(Work required)
If pictures are present, leave them out, and copy the data word for word.

(Records from a data source)
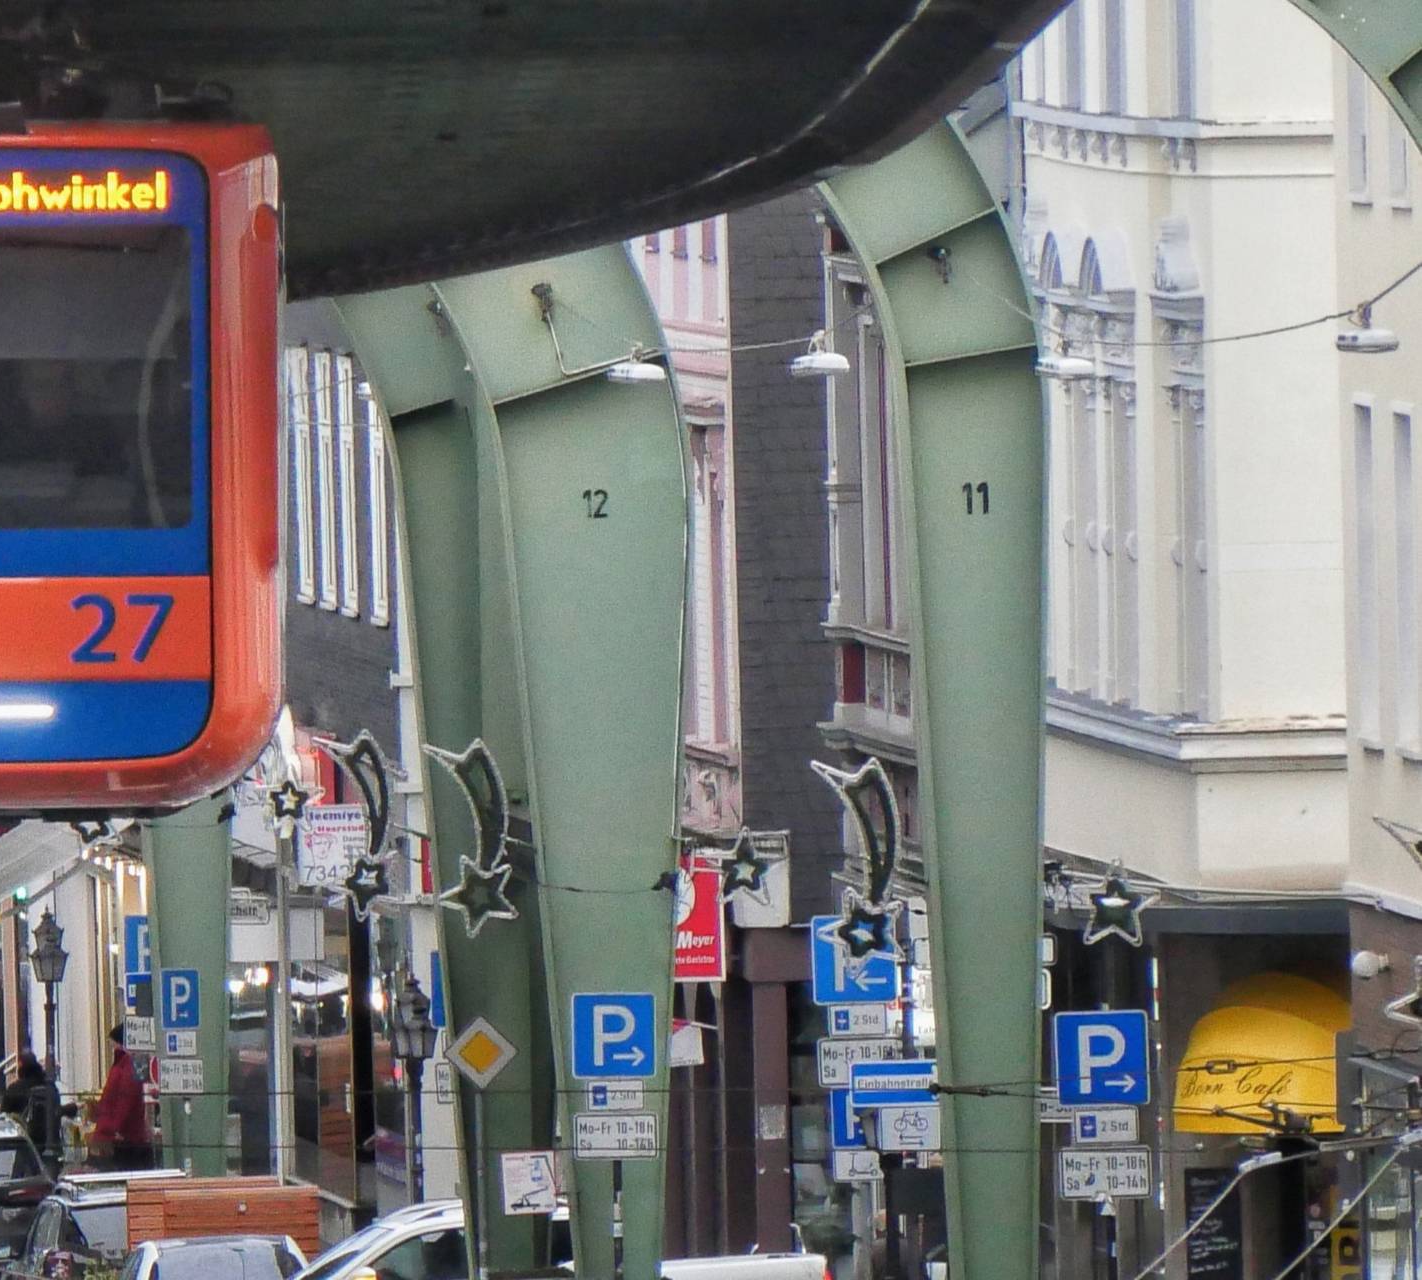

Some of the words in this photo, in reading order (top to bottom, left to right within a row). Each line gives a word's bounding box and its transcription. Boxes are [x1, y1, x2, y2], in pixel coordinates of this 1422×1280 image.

[582, 489, 609, 519] 12
[962, 481, 990, 515] 11
[70, 594, 175, 663] 27
[170, 976, 191, 1022] P
[593, 1005, 636, 1068] P
[823, 1046, 855, 1061] Mo-Fr
[1077, 1026, 1126, 1095] P
[823, 1066, 836, 1078] Sa
[579, 1121, 611, 1135] Mo-Fr
[579, 1138, 593, 1150] Sa
[1065, 1156, 1101, 1172] Mo-Fr
[1066, 1176, 1081, 1191] Sa
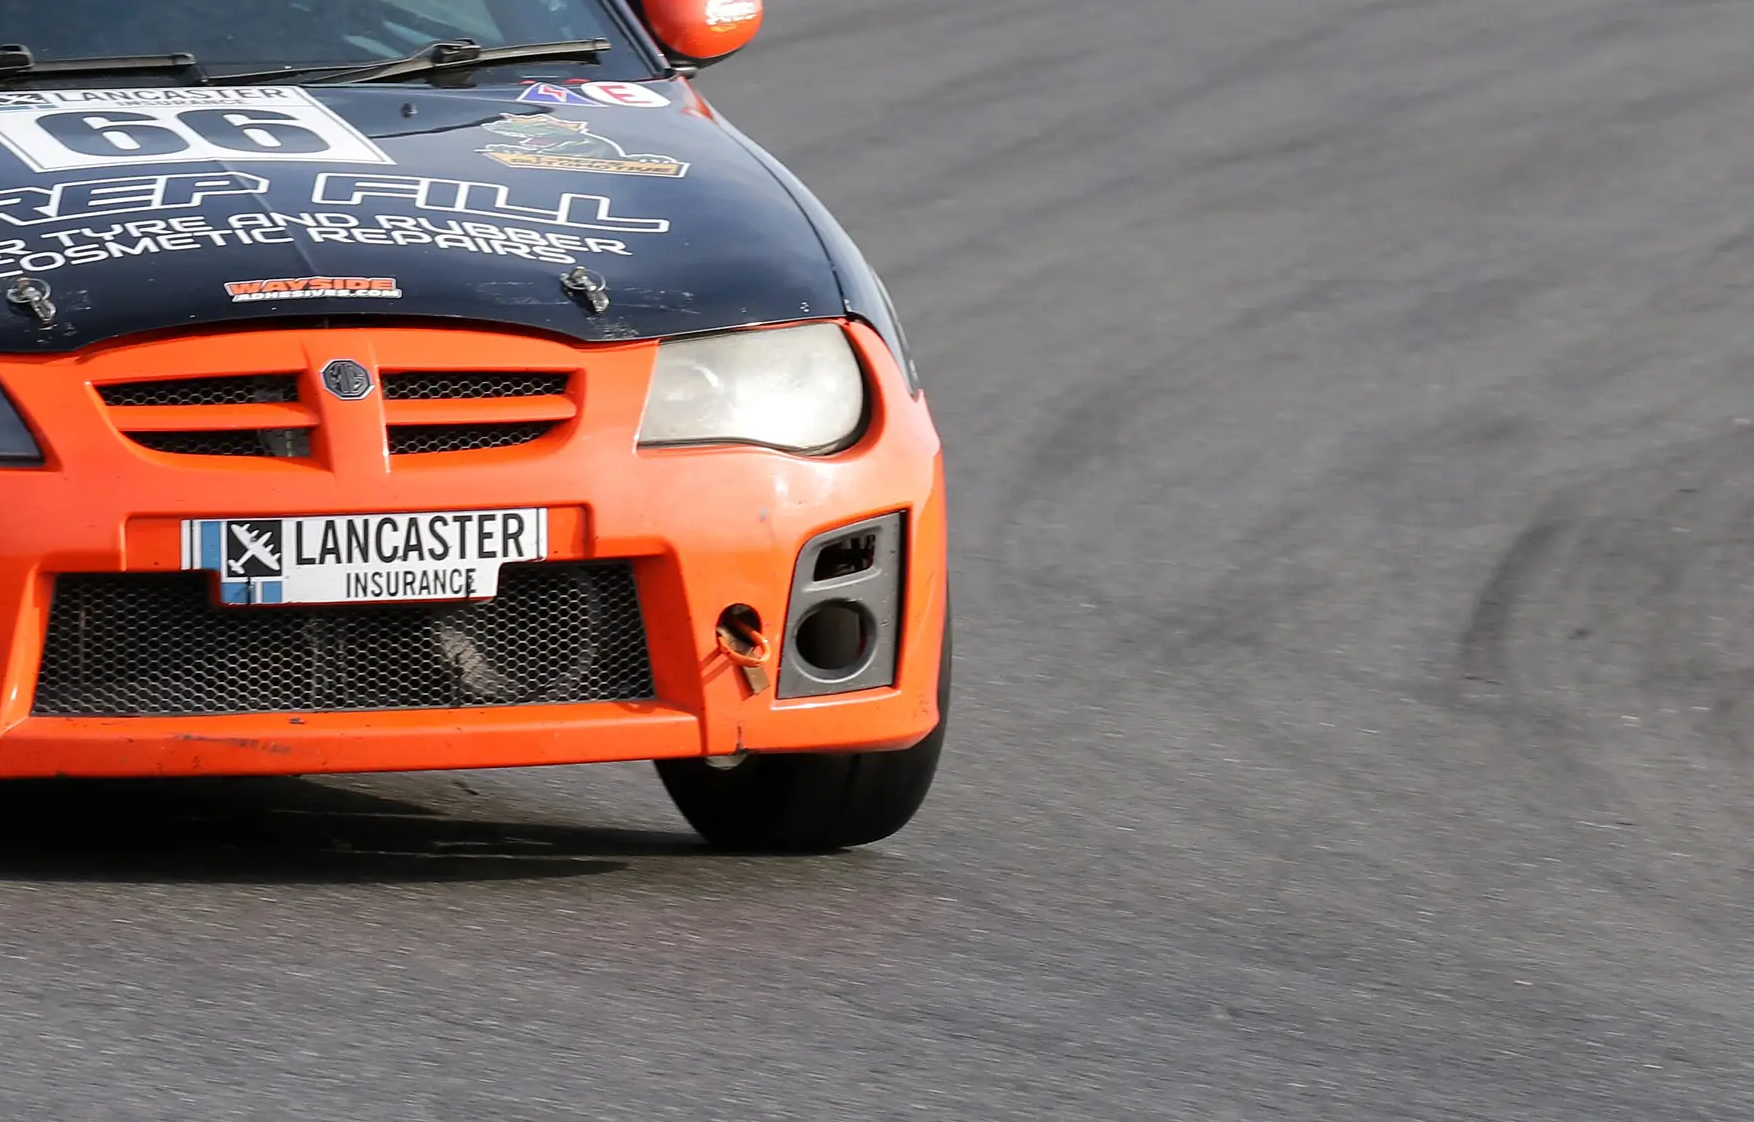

(Answer space)
Some of the words in this photo, in reading order (top to bottom, left to right within a row). Each line gives a word's bounding box and its transcription. Boxes are [x1, y1, x2, y2], in pixel coordinates of this 1422×1280 image.

[582, 489, 609, 519] 12
[962, 481, 990, 515] 11
[70, 594, 175, 663] 27
[170, 976, 191, 1022] P
[593, 1005, 636, 1068] P
[823, 1046, 855, 1061] Mo-Fr
[1077, 1026, 1126, 1095] P
[823, 1066, 836, 1078] Sa
[579, 1121, 611, 1135] Mo-Fr
[579, 1138, 593, 1150] Sa
[1065, 1156, 1101, 1172] Mo-Fr
[1066, 1176, 1081, 1191] Sa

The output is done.